* INPUT DATA *
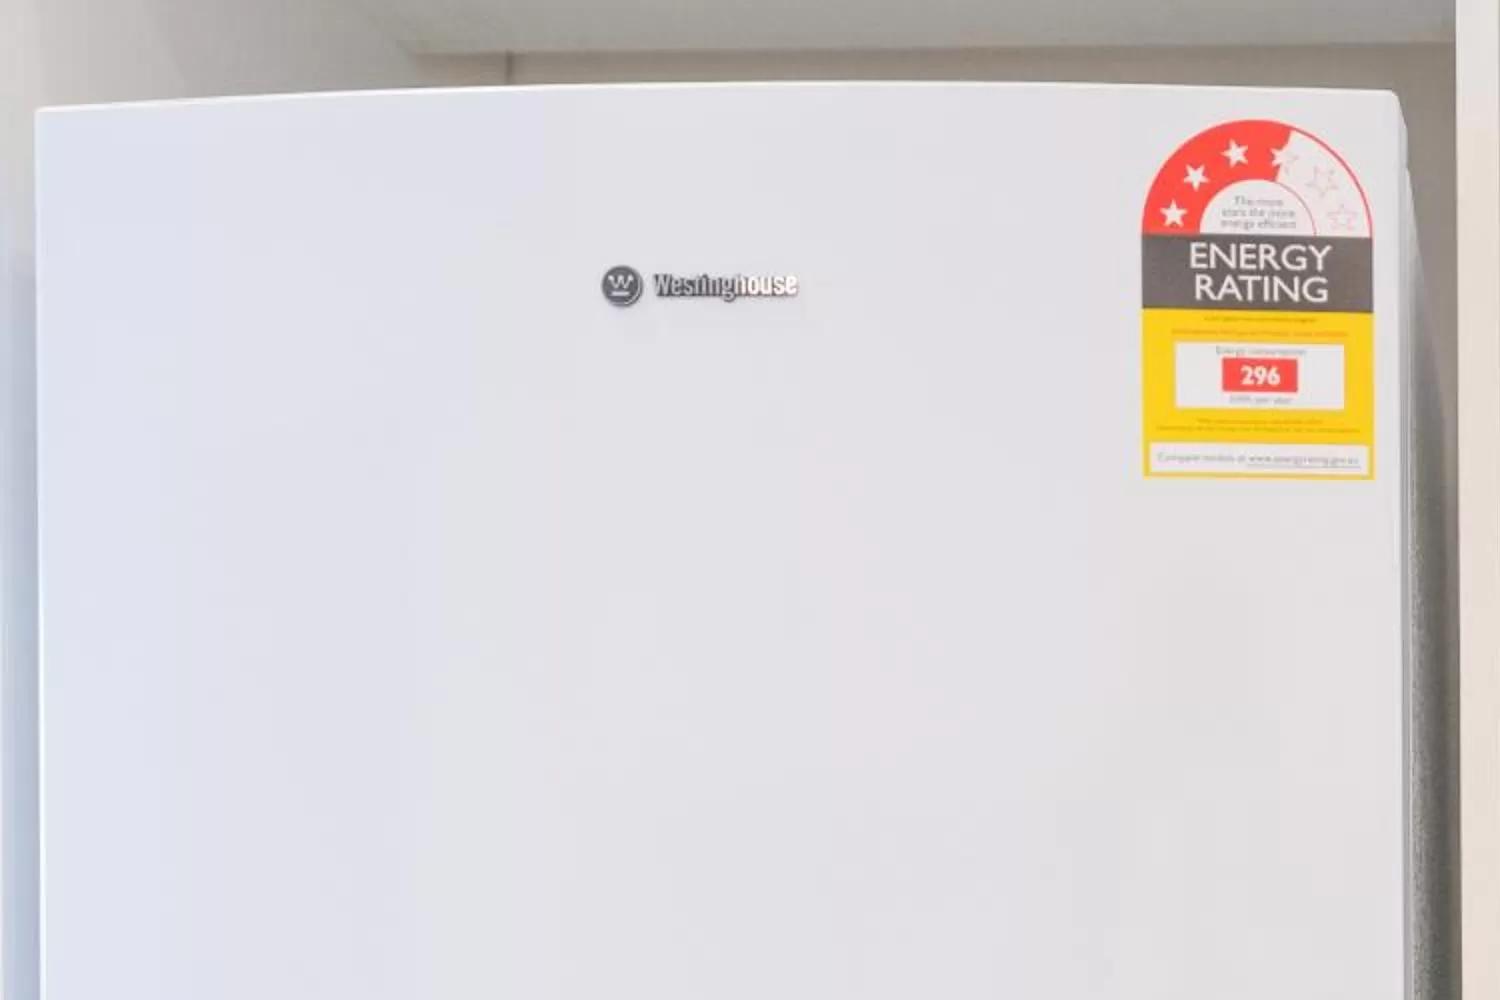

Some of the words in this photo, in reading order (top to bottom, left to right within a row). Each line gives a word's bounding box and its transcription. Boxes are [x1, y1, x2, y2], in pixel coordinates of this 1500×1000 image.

[1189, 242, 1333, 271] ENERGY
[653, 272, 799, 302] Westinghouse
[1194, 274, 1329, 303] RATING
[1239, 364, 1281, 386] 296
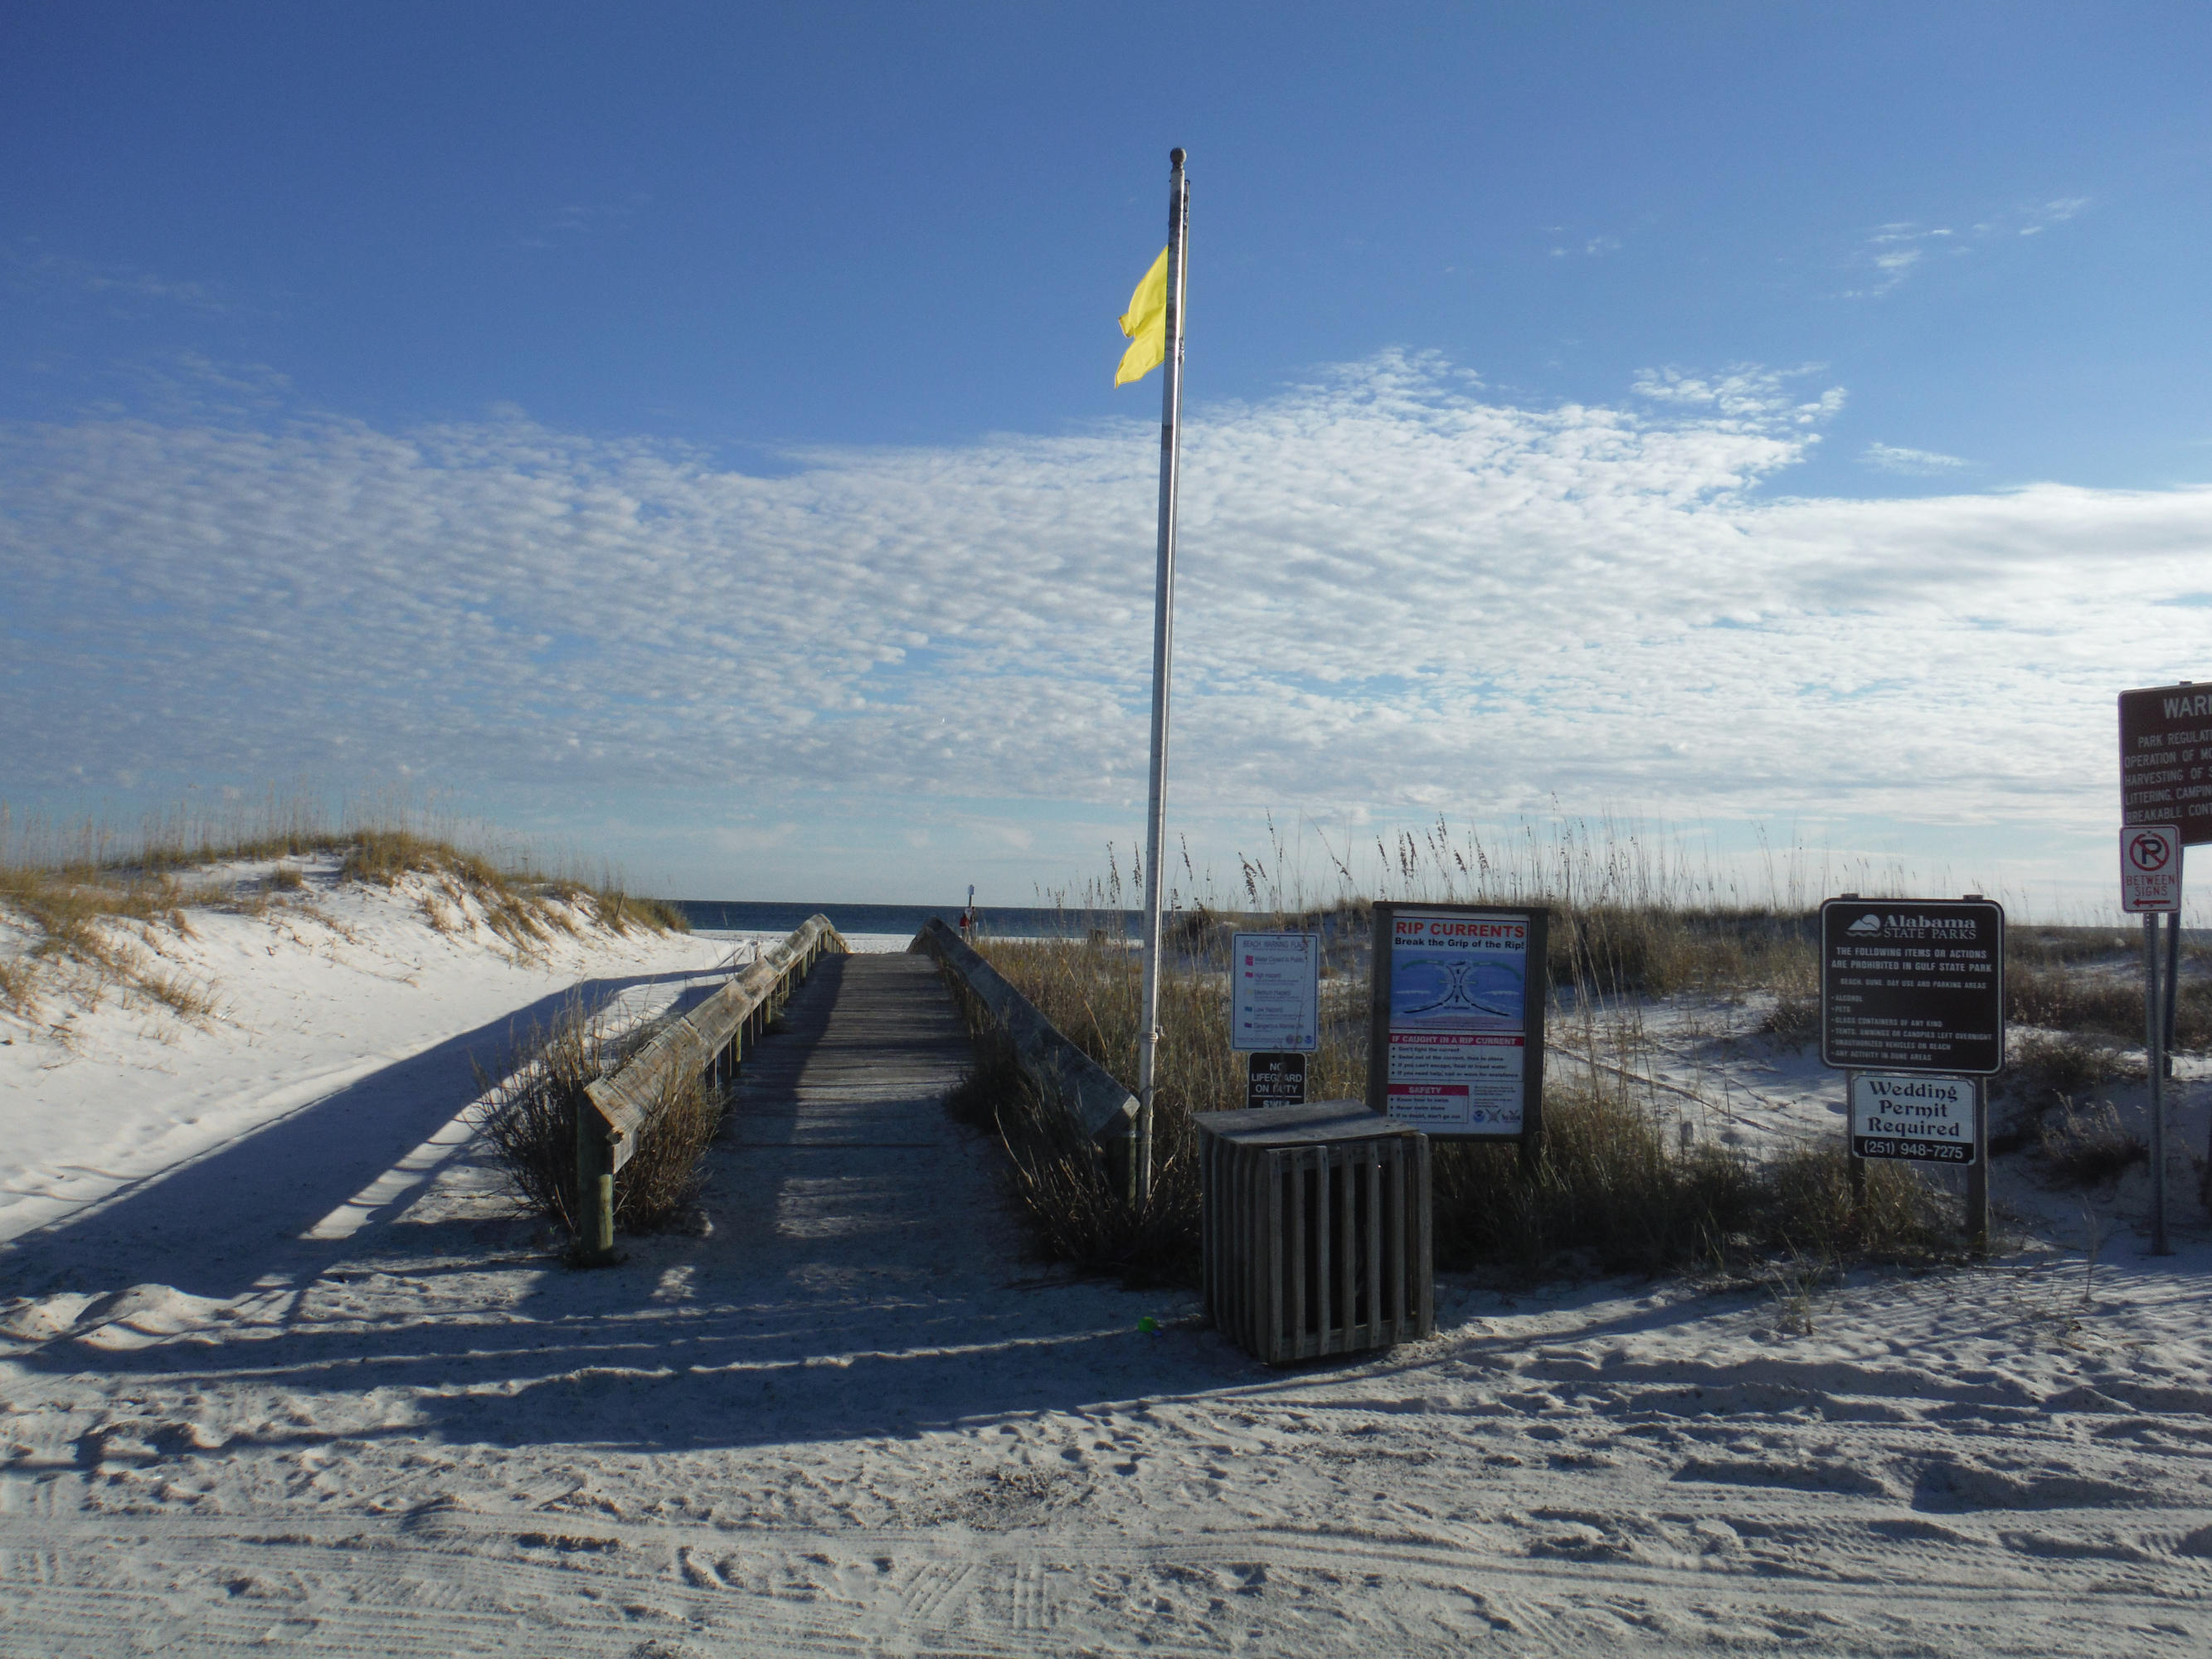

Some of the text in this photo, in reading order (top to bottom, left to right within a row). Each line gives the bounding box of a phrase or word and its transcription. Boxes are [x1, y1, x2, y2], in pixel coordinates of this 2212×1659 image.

[2163, 693, 2212, 719] WAR
[2138, 734, 2163, 747] PARK
[2125, 752, 2176, 768] OPERATION
[2182, 749, 2195, 762] OF
[2125, 769, 2183, 787] HARVESTING
[2190, 766, 2204, 780] OF
[2127, 805, 2183, 824] BREAKABLE
[2127, 874, 2175, 886] BETWEEN
[2135, 886, 2168, 897] SIGNS
[1884, 915, 1976, 928] Alabama
[1396, 922, 1524, 938] RIP CURRENTS
[1884, 928, 1976, 940] STATE PARKS
[1395, 938, 1524, 951] Break the Grip of the Rip!
[1836, 946, 1986, 959] THE FOLLOWING ITEMS OR ACTIONS
[1831, 960, 1991, 972] ARE PROHIBITED IN GULF STATE PARK
[1932, 980, 1961, 989] PARKING
[1403, 1035, 1437, 1044] CAUGHT
[1252, 1073, 1302, 1082] LIFEGARD
[1256, 1083, 1269, 1093] ON
[1869, 1082, 1958, 1102] Wedding
[1879, 1100, 1948, 1118] Permit
[1868, 1117, 1960, 1136] Required
[1864, 1140, 1964, 1160] (251) 948-7275

* ASSIGNMENT *
Where the data includes pictures, leave them out and write out everything else exactly.

* REPLY TO THE EXERCISE *
Some of the words in this photo, in reading order (top to bottom, left to right within a row). Each line gives a word's bounding box and its transcription. Boxes are [x1, y1, x2, y2], in pixel coordinates of this 1500×1000 image.

[1189, 242, 1333, 271] ENERGY
[653, 272, 799, 302] Westinghouse
[1194, 274, 1329, 303] RATING
[1239, 364, 1281, 386] 296

Some of the text in this photo, in reading order (top to bottom, left to right within a row). Each line gives the bounding box of a phrase or word and its transcription. Boxes are [x1, y1, x2, y2], in pixel coordinates of this 2212×1659 image.

[2163, 693, 2212, 719] WAR
[2138, 734, 2163, 747] PARK
[2125, 752, 2176, 768] OPERATION
[2182, 749, 2195, 762] OF
[2125, 769, 2183, 787] HARVESTING
[2190, 766, 2204, 780] OF
[2127, 805, 2183, 824] BREAKABLE
[2127, 874, 2175, 886] BETWEEN
[2135, 886, 2168, 897] SIGNS
[1884, 915, 1976, 928] Alabama
[1396, 922, 1524, 938] RIP CURRENTS
[1884, 928, 1976, 940] STATE PARKS
[1395, 938, 1524, 951] Break the Grip of the Rip!
[1836, 946, 1986, 959] THE FOLLOWING ITEMS OR ACTIONS
[1831, 960, 1991, 972] ARE PROHIBITED IN GULF STATE PARK
[1932, 980, 1961, 989] PARKING
[1403, 1035, 1437, 1044] CAUGHT
[1252, 1073, 1302, 1082] LIFEGARD
[1256, 1083, 1269, 1093] ON
[1869, 1082, 1958, 1102] Wedding
[1879, 1100, 1948, 1118] Permit
[1868, 1117, 1960, 1136] Required
[1864, 1140, 1964, 1160] (251) 948-7275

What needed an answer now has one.